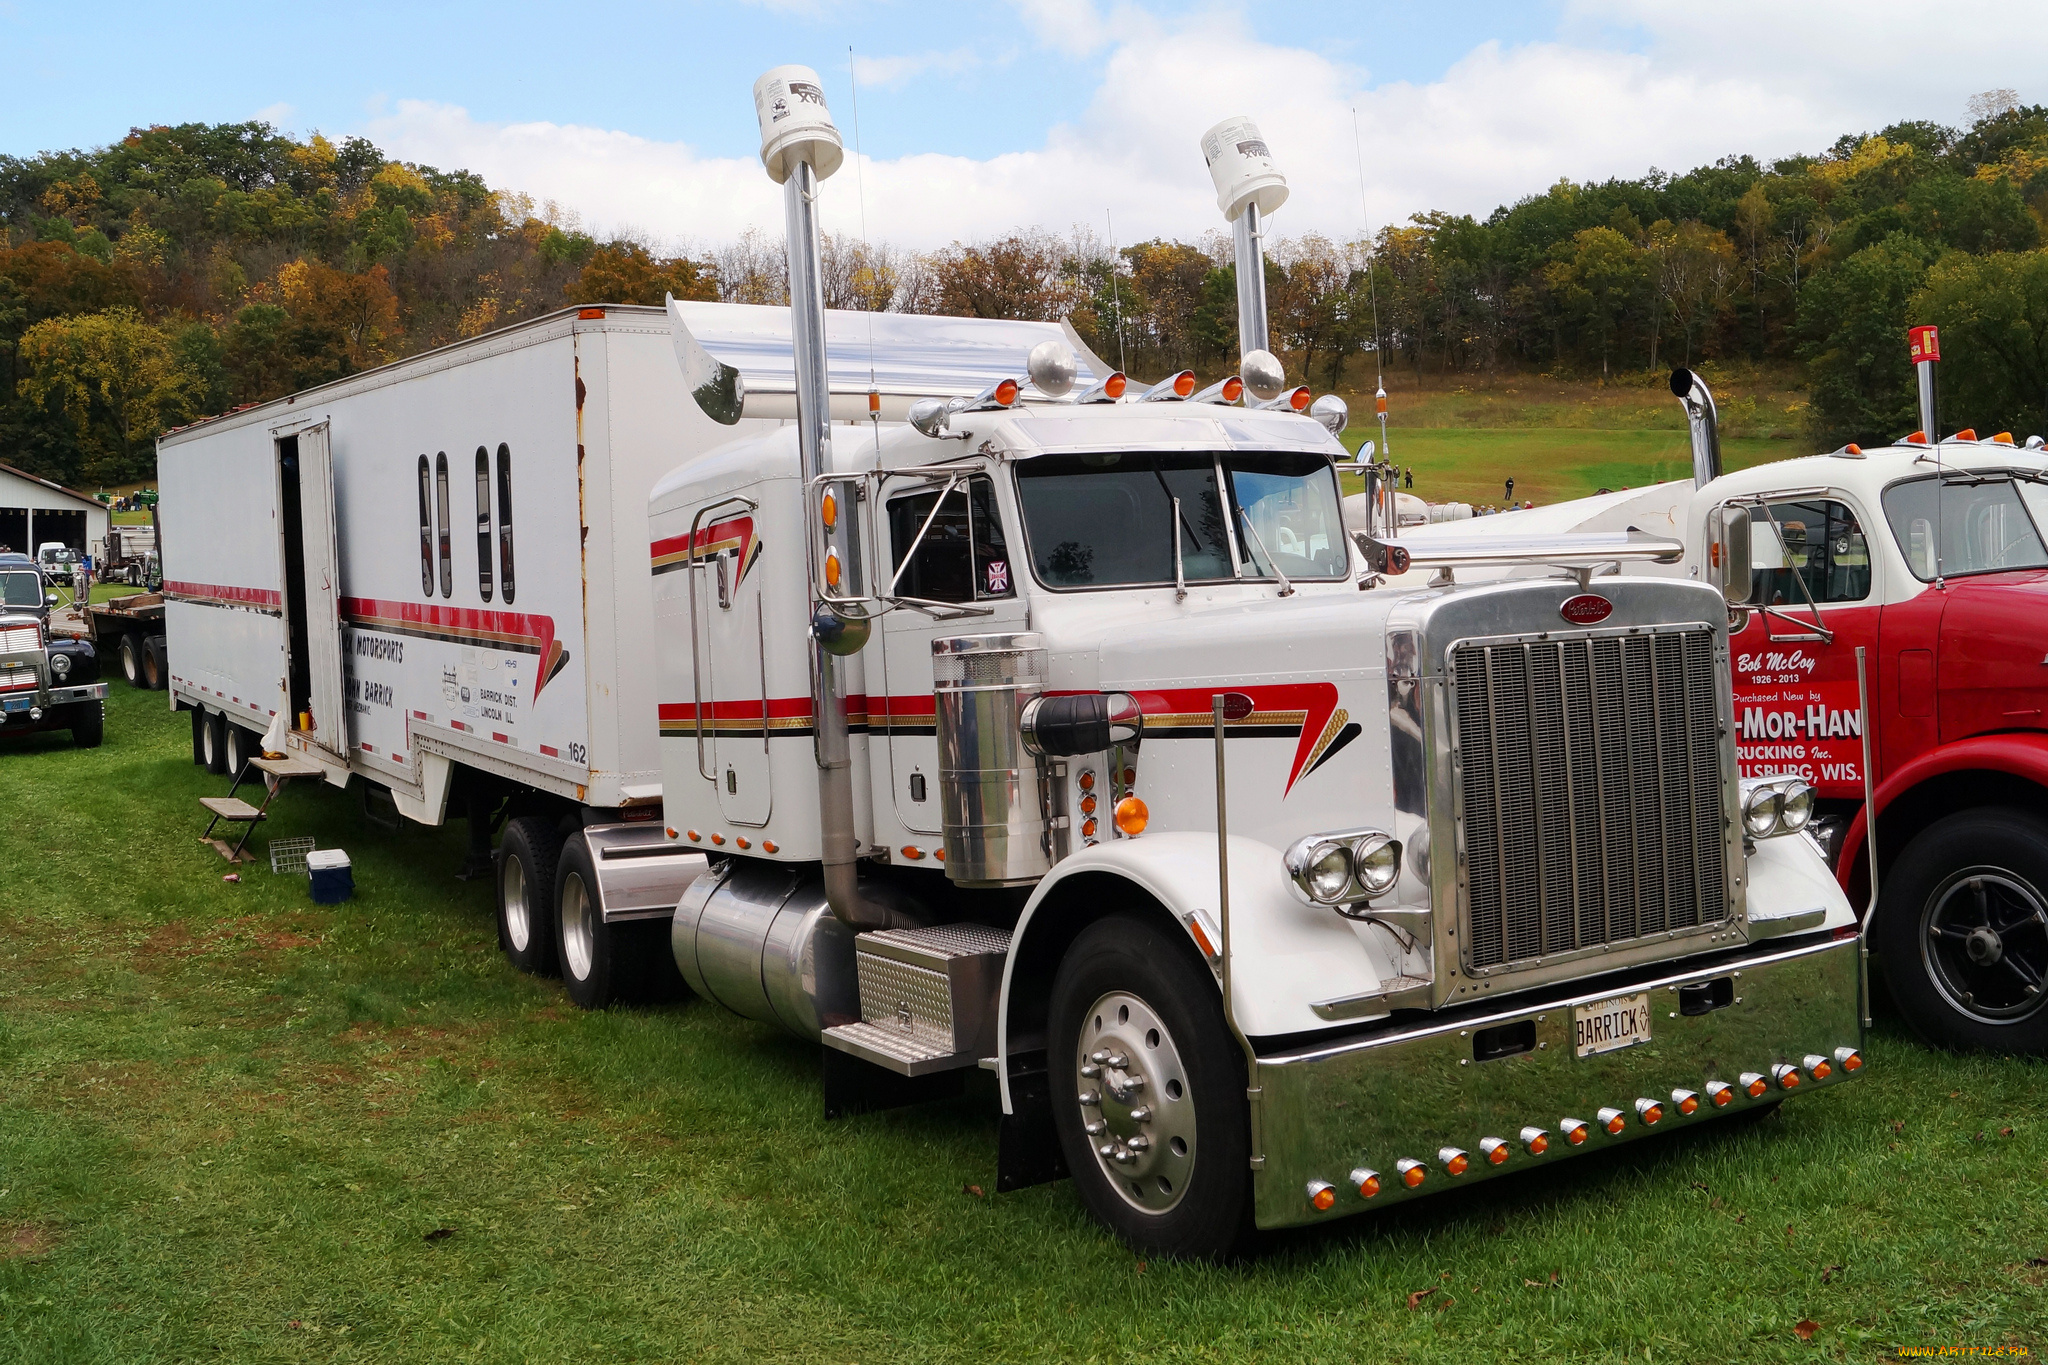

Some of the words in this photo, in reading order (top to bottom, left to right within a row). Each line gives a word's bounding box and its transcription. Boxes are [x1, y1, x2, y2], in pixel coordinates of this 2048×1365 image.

[357, 635, 404, 664] MOTORSPORTS
[1738, 653, 1763, 673] Bob
[1766, 650, 1816, 674] McCoy
[1752, 675, 1772, 684] 1926
[1779, 674, 1799, 683] 2013
[364, 680, 393, 708] BARRICK
[480, 688, 502, 704] BARRICK
[1732, 691, 1778, 703] Purchased
[1783, 691, 1804, 701] New
[1810, 690, 1821, 702] by
[481, 705, 502, 721] LINCOLN
[568, 741, 587, 764] 162
[1811, 746, 1832, 759] Inc.
[1821, 763, 1862, 781] WIS.
[1593, 996, 1628, 1011] ILLINOIS
[1576, 1008, 1638, 1047] BARRICK
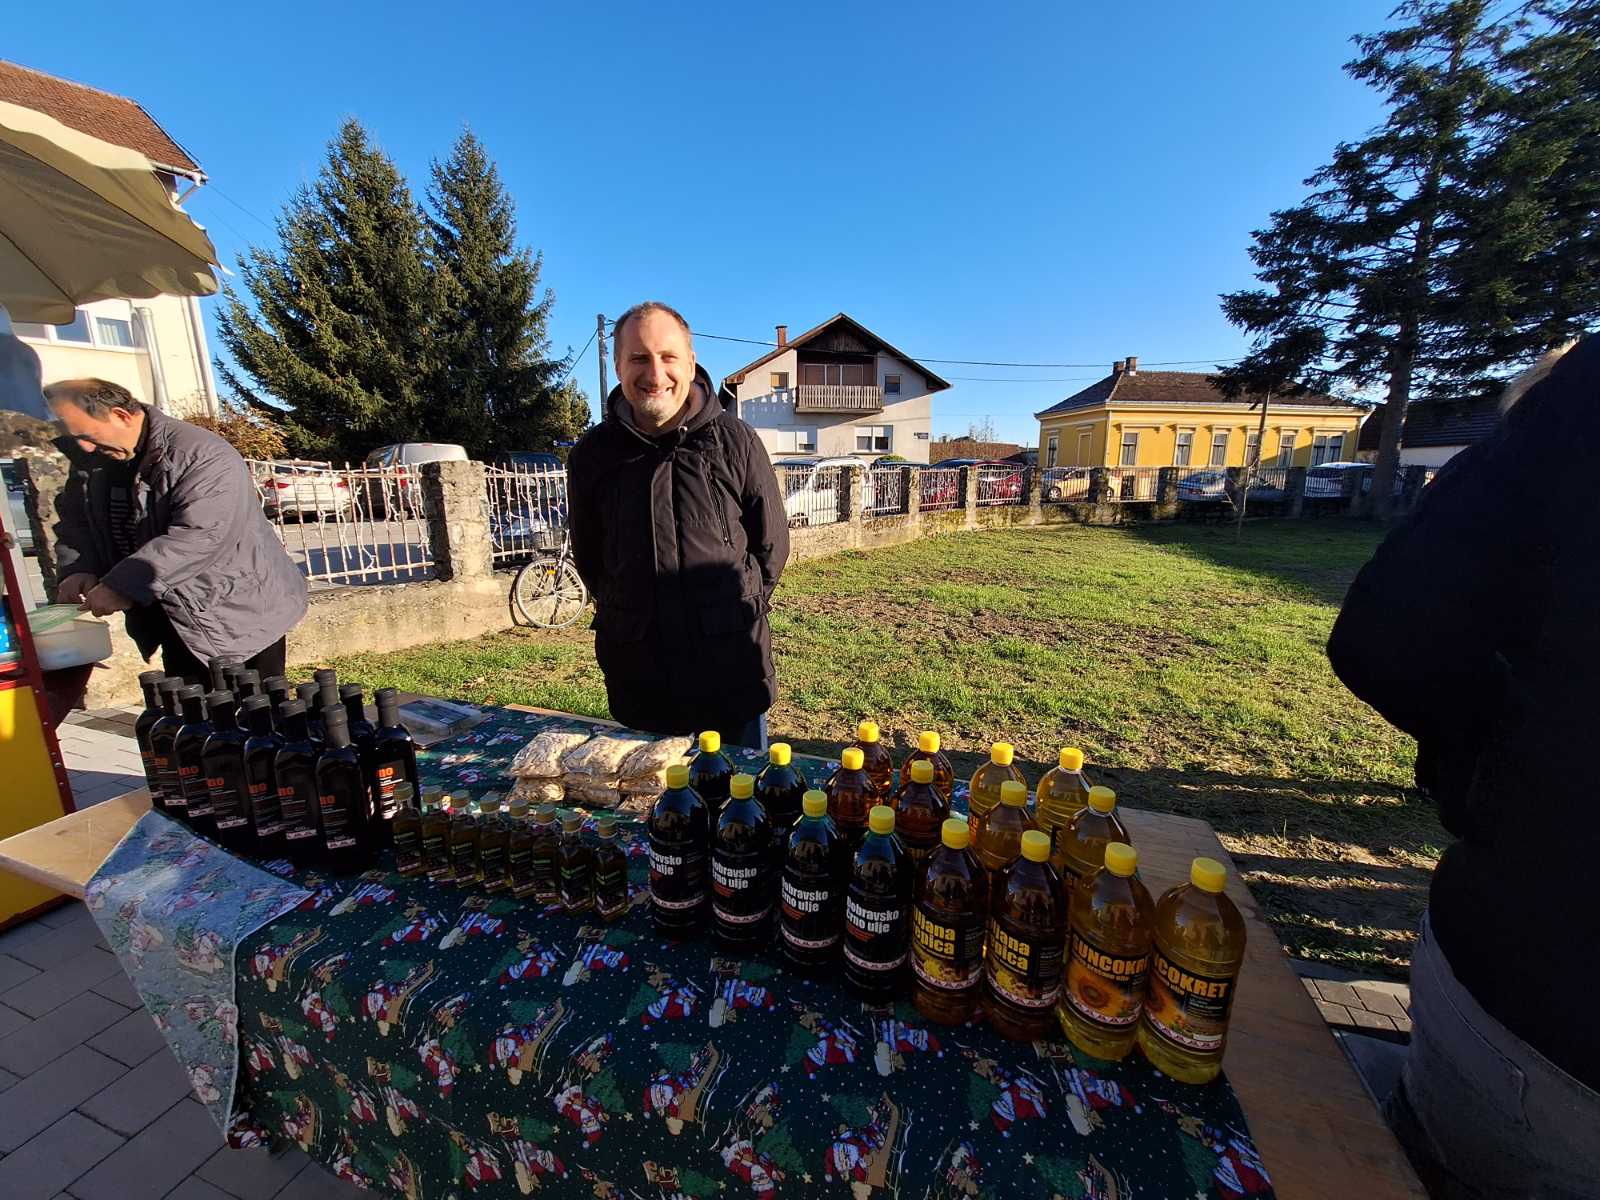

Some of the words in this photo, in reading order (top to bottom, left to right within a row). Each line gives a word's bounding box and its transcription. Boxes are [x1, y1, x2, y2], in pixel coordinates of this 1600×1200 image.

[655, 861, 675, 876] ulje
[728, 878, 749, 890] ulje
[798, 900, 820, 913] ulje
[846, 895, 900, 922] Dobravsko
[867, 921, 890, 934] ulje
[990, 933, 1029, 971] epica
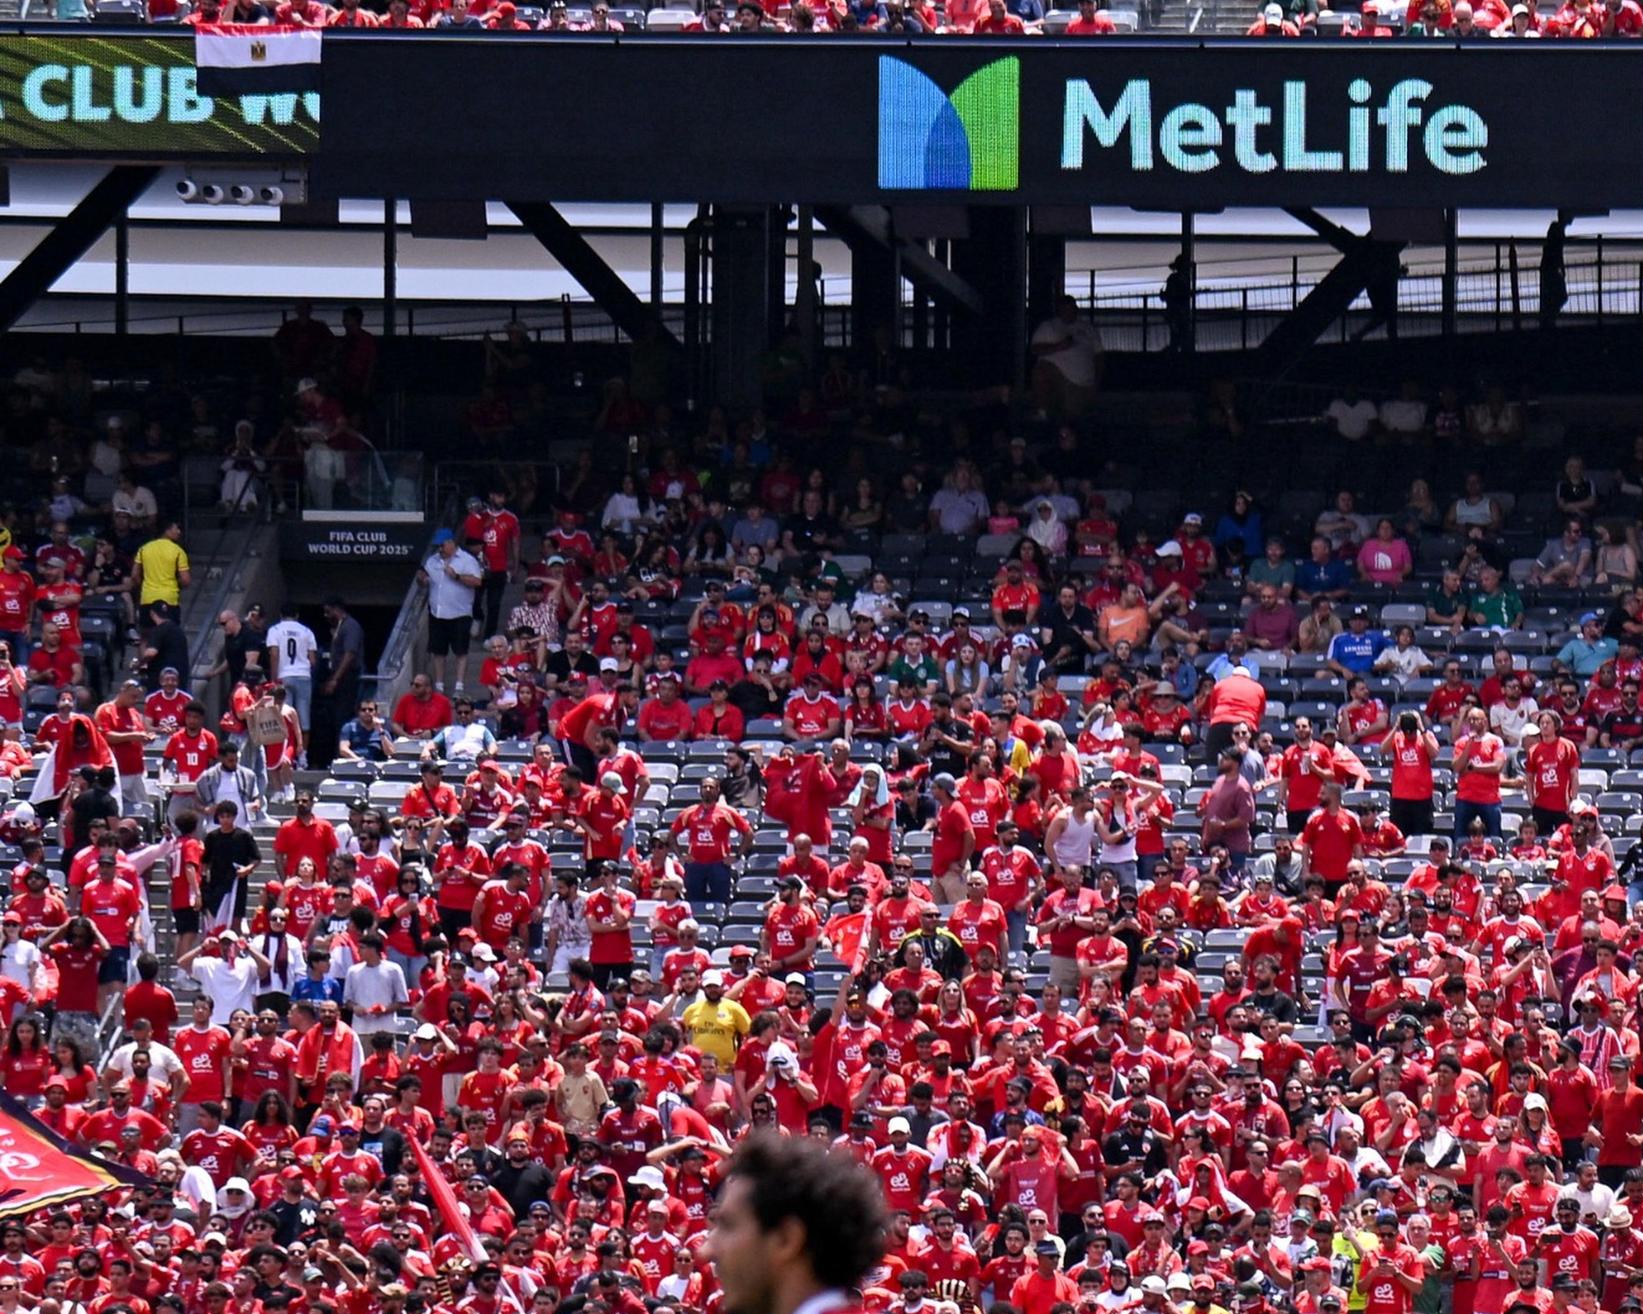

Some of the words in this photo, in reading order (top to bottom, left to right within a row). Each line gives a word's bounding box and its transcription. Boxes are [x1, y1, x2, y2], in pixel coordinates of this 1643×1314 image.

[22, 64, 214, 123] CLUB
[1061, 78, 1489, 174] MetLife
[330, 531, 354, 542] FIFA
[357, 532, 387, 542] CLUB
[308, 544, 351, 554] WORLD
[353, 544, 377, 554] CUP
[287, 638, 296, 664] 9
[187, 752, 198, 765] 10

****************************************

### TASK INSTRUCTIONS
Output exactly the lines of the data that run from the one containing "this 1643×1314 image." to the very last line, and no others.

### ANSWER TO THIS EXERCISE
Some of the words in this photo, in reading order (top to bottom, left to right within a row). Each line gives a word's bounding box and its transcription. Boxes are [x1, y1, x2, y2], in pixel coordinates of this 1643×1314 image.

[22, 64, 214, 123] CLUB
[1061, 78, 1489, 174] MetLife
[330, 531, 354, 542] FIFA
[357, 532, 387, 542] CLUB
[308, 544, 351, 554] WORLD
[353, 544, 377, 554] CUP
[287, 638, 296, 664] 9
[187, 752, 198, 765] 10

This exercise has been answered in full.